Wear is the damaging, gradual removal or deformation of material at a solid surface. In wastewater applications, it is mainly the combination of abrasive particles, fibers and grease that cause wear. In this whitepaper, we focus on comparing the wear-resistant properties of hardened cast iron, stainless steel, and white iron materials for our new Open S-tube® hydraulics, using accelerated sand wear tests.
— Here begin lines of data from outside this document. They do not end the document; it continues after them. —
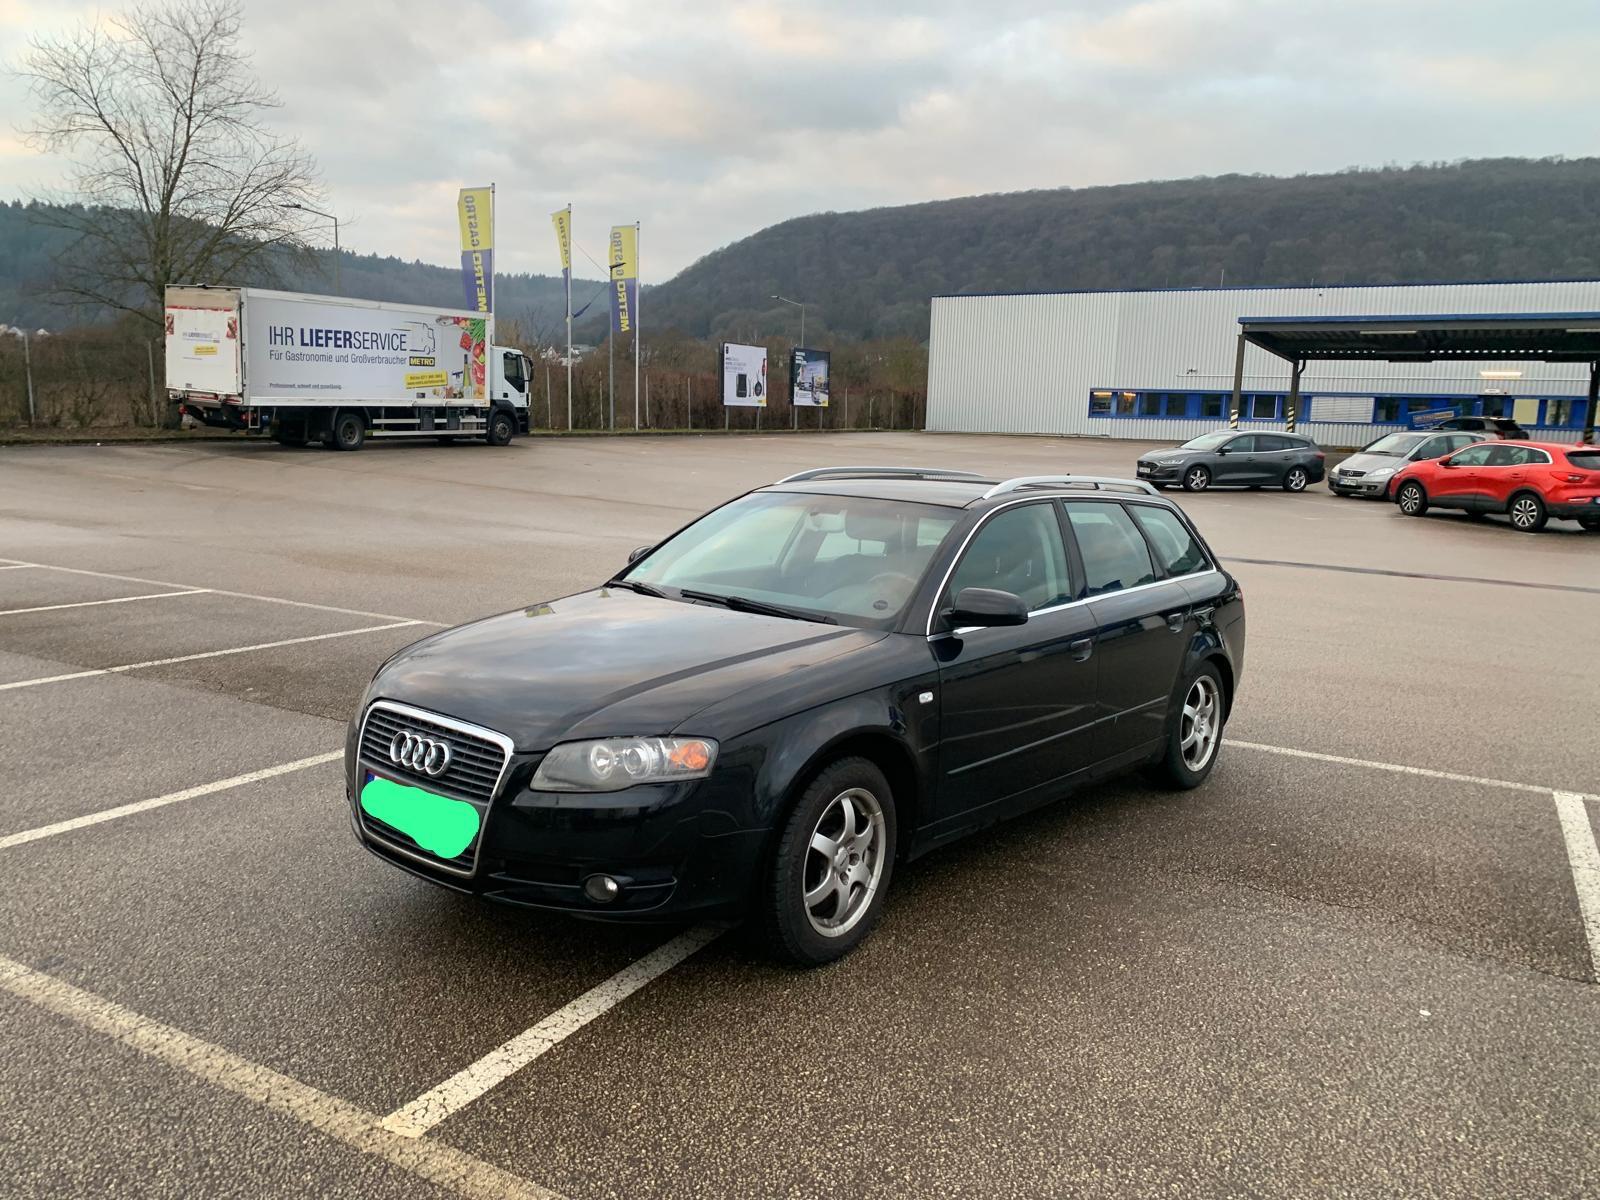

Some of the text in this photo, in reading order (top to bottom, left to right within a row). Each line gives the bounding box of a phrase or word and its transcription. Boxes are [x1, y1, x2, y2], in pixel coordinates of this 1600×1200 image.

[269, 325, 407, 351] IHR LIEFERSERVICE
[269, 349, 407, 366] Für Gastronomie und Großverbraucher
[410, 357, 434, 366] METRO
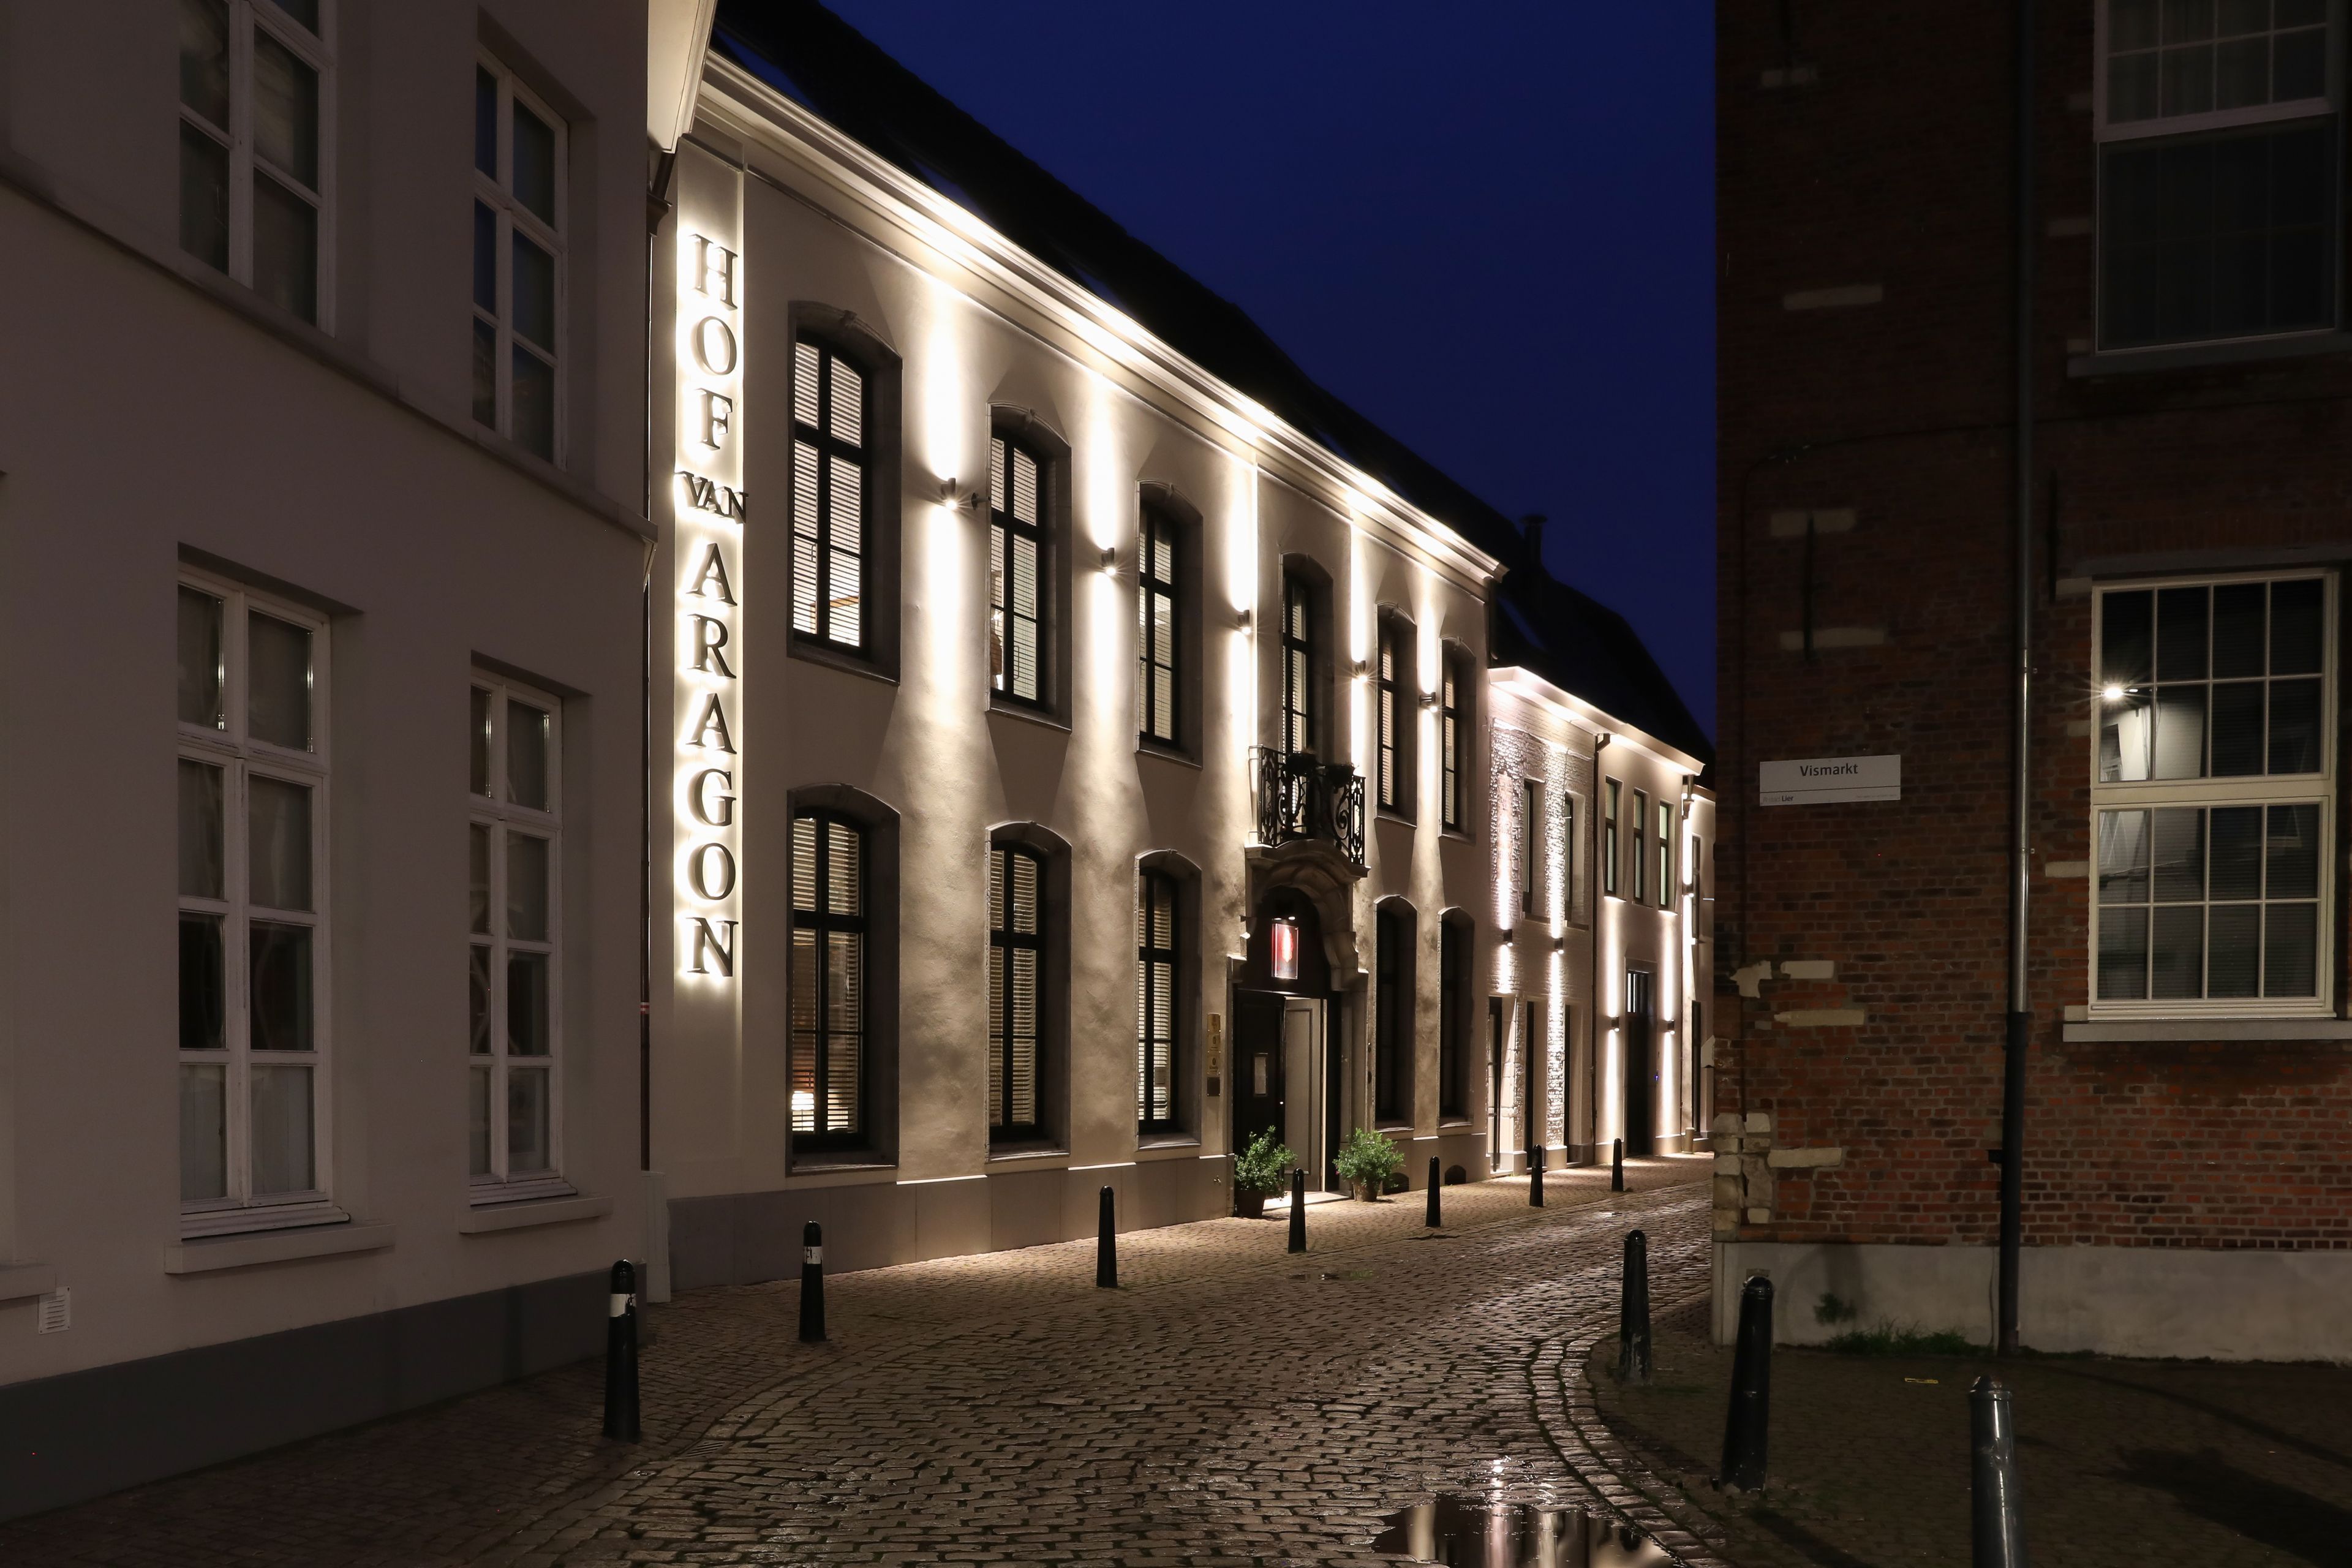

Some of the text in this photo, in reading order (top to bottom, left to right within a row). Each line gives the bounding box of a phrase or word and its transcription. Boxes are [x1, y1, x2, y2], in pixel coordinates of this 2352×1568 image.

[674, 233, 748, 978] HOF VAN ARAGON
[1800, 763, 1858, 777] Vismarkt
This whitepaper documents that hydraulic components in white iron are 2 times more wear resistant than hardened cast iron components after an accelerated wear test; equivalent to approximately 5 years of continuous operation. Moreover, our white iron material variant proves itself more wear resistant than one of our competitor’s white iron alloys in the market. Grundfos shows that with a wide offering of hydraulics and materials, we can provide you with the most optimized solution to handle wastewater; no matter how challenging the environment and reduce your operating costs with improved wear resistance and pump reliability.
Wear and Abrasion
Wear is the damaging, gradual removal or deformation of material at solid surfaces. The terms abrasion and wear are frequently used interchangeably; however, there is a difference. Abrasion is the action causing wear, the process of wearing down the material. Wear is an unwanted effect of exposure to normal use.
There are many types of wear, but for wastewater pumps, we are mostly interested in examining erosive and abrasive wear. The latter is the progressive loss of a metal surface material from the cutting or abrading action of solids or hard particles, carried in suspension in the pumped liquid, that are forced against and move along a solid surface with the flow. Erosive wear is caused by the impact of liquid or solid particles against the surfaces. ( To find out more about definitions of erosive and abrasive wear, go to www.sciencedirect.com/topics/engineering/erosive-wear)
In pumps, wear affects impellers, suction covers, volutes and other wetted parts in contact with the liquid. With higher velocity (relative velocity between solids and metal surface) inside the pump volute, water erosion is accelerated. Other factors impacting the rate of wear are size, shape, hardness, angle of impact of the particles and solids concentration and mass. Wear rate generally increases with increasing particle size, angularity, hardness and impact velocity.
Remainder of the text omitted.